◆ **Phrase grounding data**
============

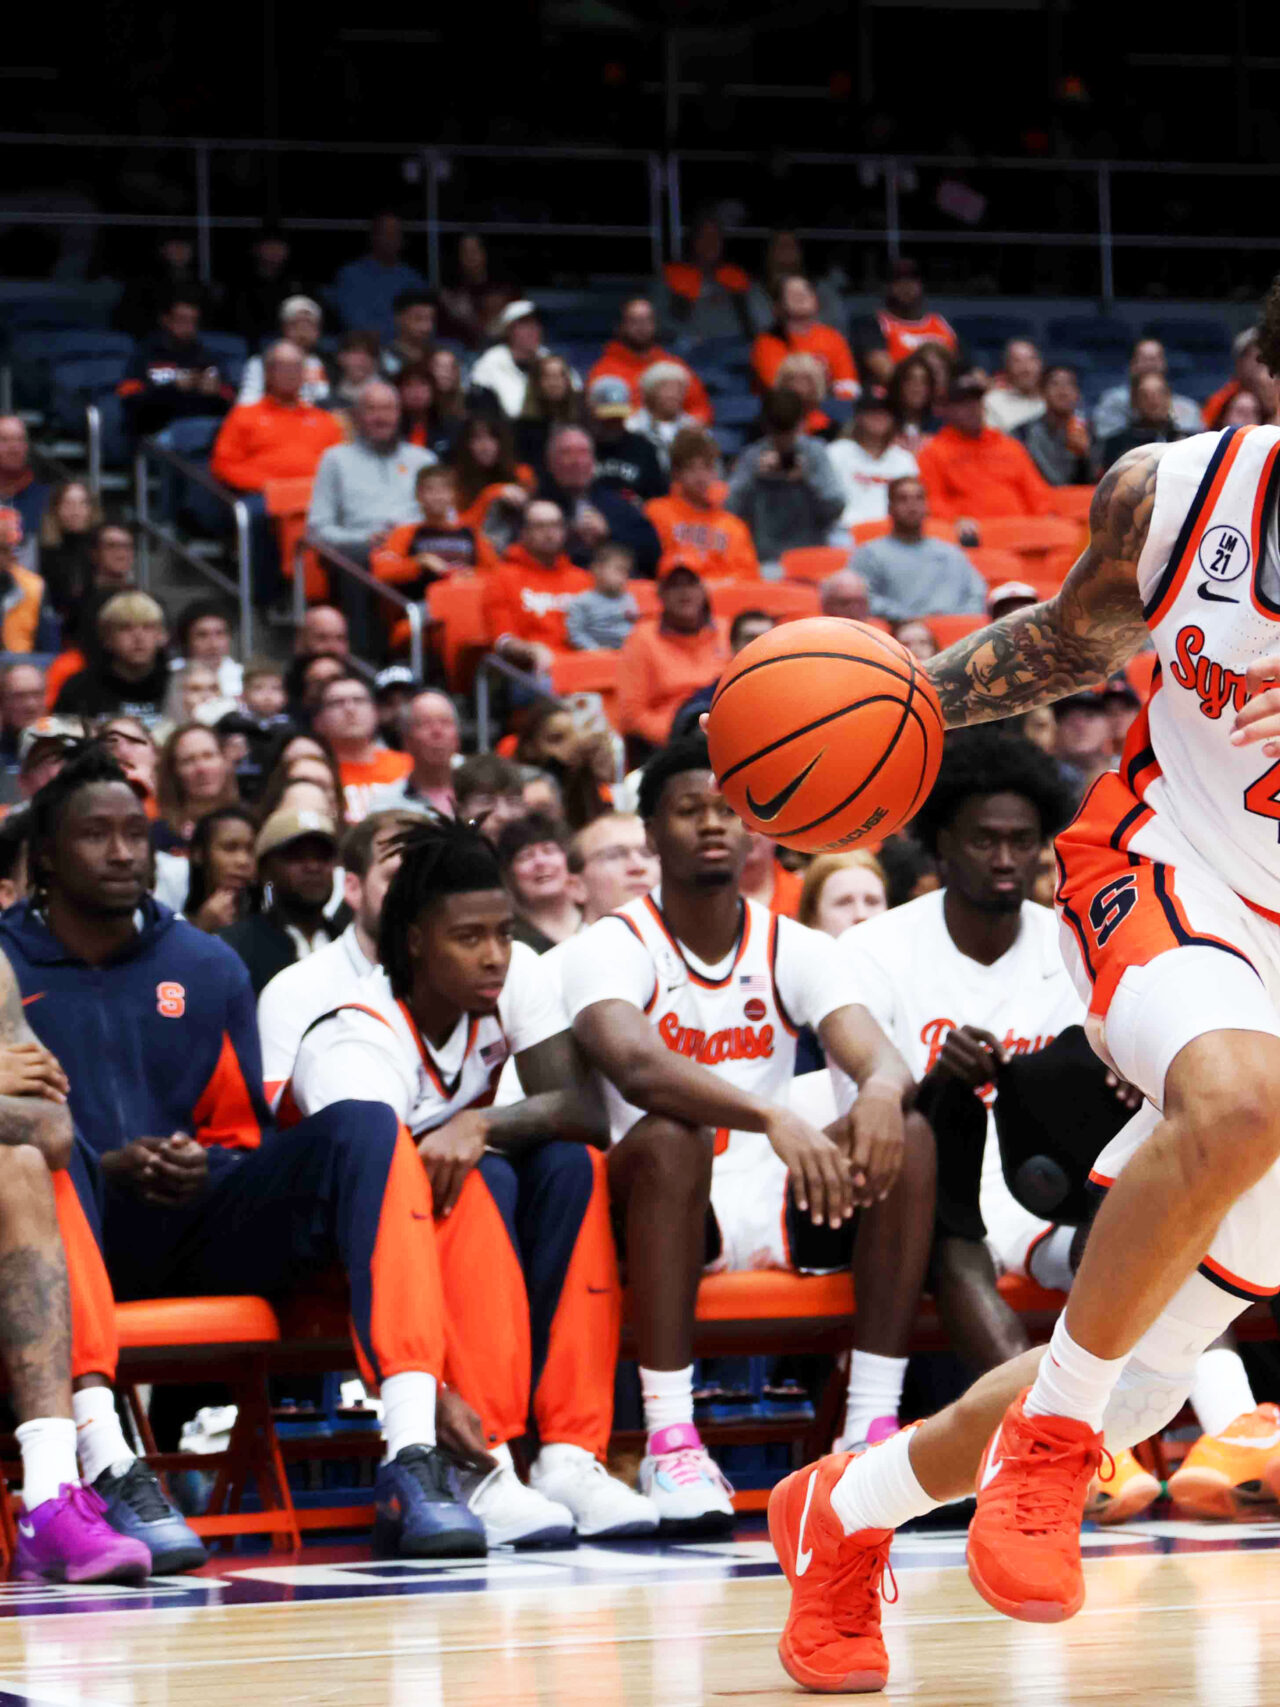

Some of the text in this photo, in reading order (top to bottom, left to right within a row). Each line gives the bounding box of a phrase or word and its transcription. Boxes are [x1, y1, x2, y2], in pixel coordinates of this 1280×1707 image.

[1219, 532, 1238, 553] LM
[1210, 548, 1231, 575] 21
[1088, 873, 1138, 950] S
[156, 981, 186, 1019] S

============

◆ **Problem**
Would you retype the entries above in full, exactly as written, minus the pictures?

◆ **Your solution**
Some of the text in this photo, in reading order (top to bottom, left to right within a row). Each line gives the bounding box of a phrase or word and its transcription. Boxes are [x1, y1, x2, y2], in pixel coordinates of this 1280×1707 image.

[1219, 532, 1238, 553] LM
[1210, 548, 1231, 575] 21
[1088, 873, 1138, 950] S
[156, 981, 186, 1019] S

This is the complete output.